Records drawn from a dataset:
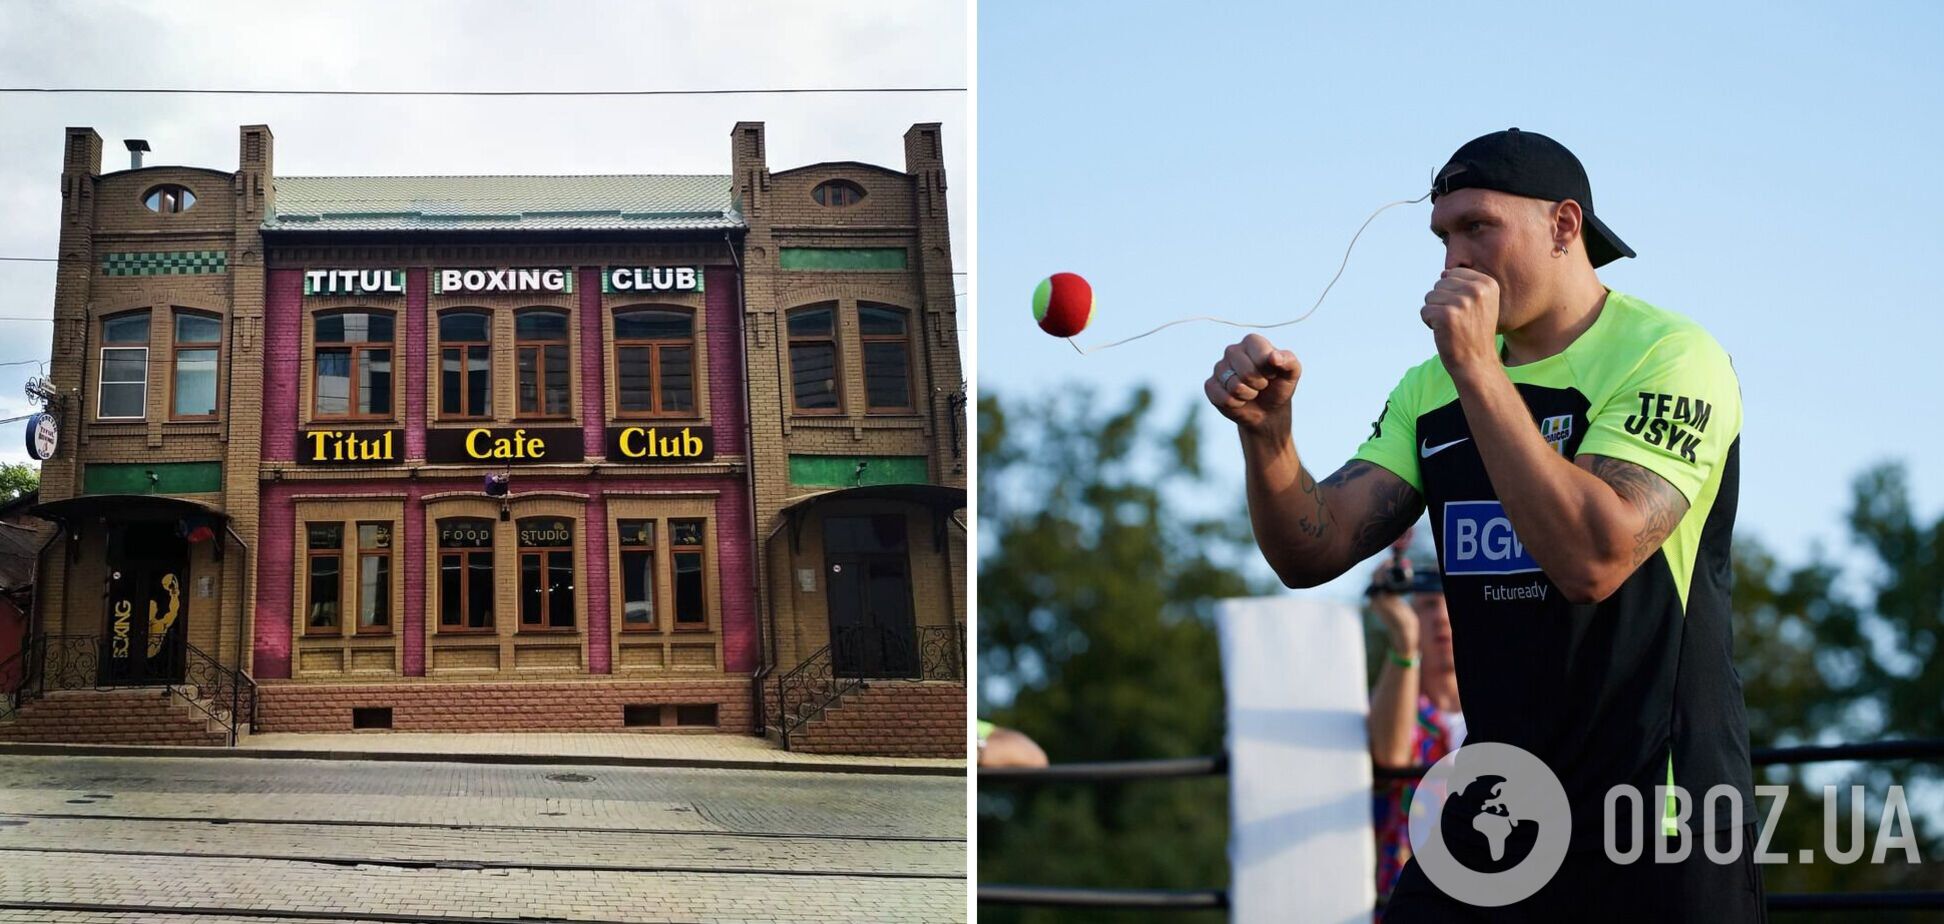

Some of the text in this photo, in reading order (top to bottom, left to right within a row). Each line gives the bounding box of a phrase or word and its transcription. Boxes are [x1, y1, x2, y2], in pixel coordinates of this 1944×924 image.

[307, 267, 698, 293] TITUL BOXING CLUB
[1638, 392, 1712, 433] TEAM
[307, 426, 703, 461] Titul Cafe Club
[1624, 414, 1702, 464] USYK
[443, 530, 569, 540] FOOD STUDIO
[1484, 581, 1548, 601] Futuready
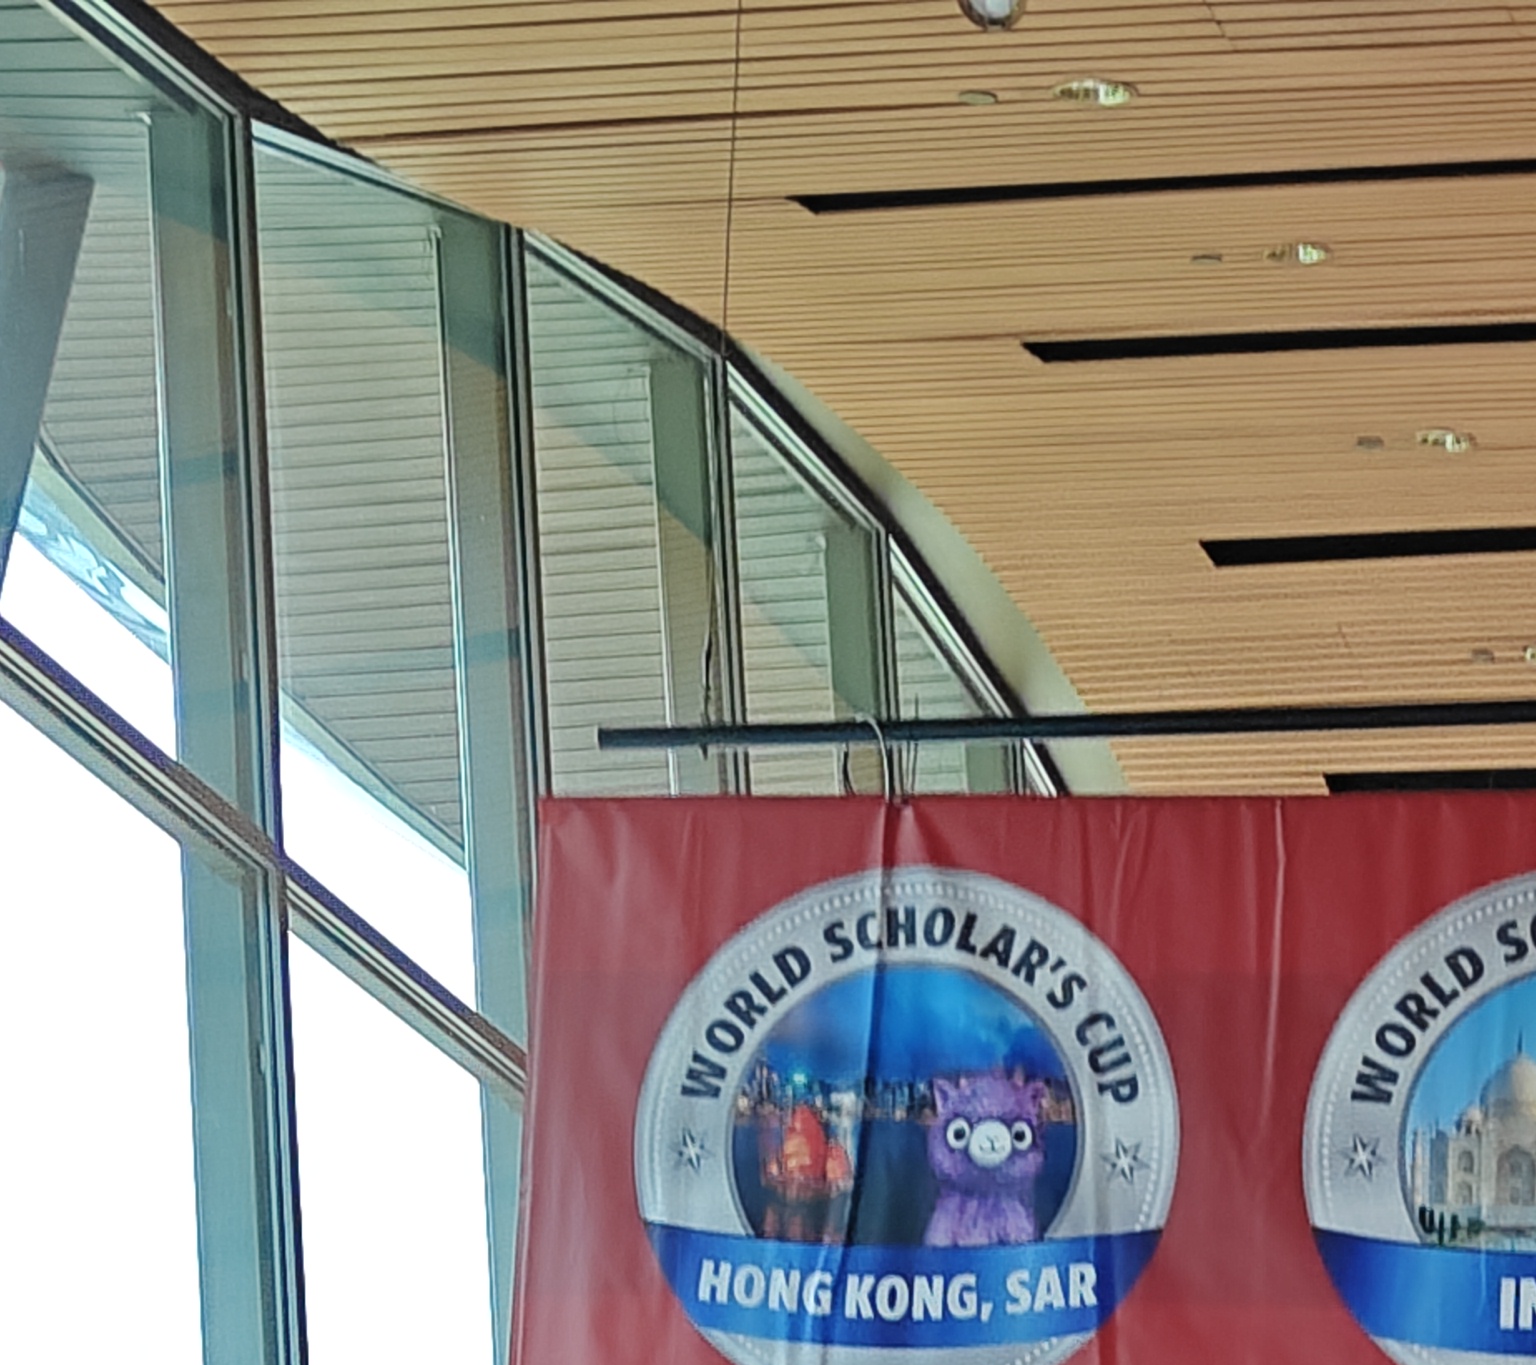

**Task description:**
The reply must consist of the records, repeated exactly, minus any images.

**Final answer:**
Some of the text in this photo, in reading order (top to bottom, left to right within a row). Each line gives the bounding box of a phrase or word and its transcription. Boxes are [x1, y1, x2, y2], in pixel coordinates of this 1944×924 image.

[307, 267, 698, 293] TITUL BOXING CLUB
[1638, 392, 1712, 433] TEAM
[307, 426, 703, 461] Titul Cafe Club
[1624, 414, 1702, 464] USYK
[443, 530, 569, 540] FOOD STUDIO
[1484, 581, 1548, 601] Futuready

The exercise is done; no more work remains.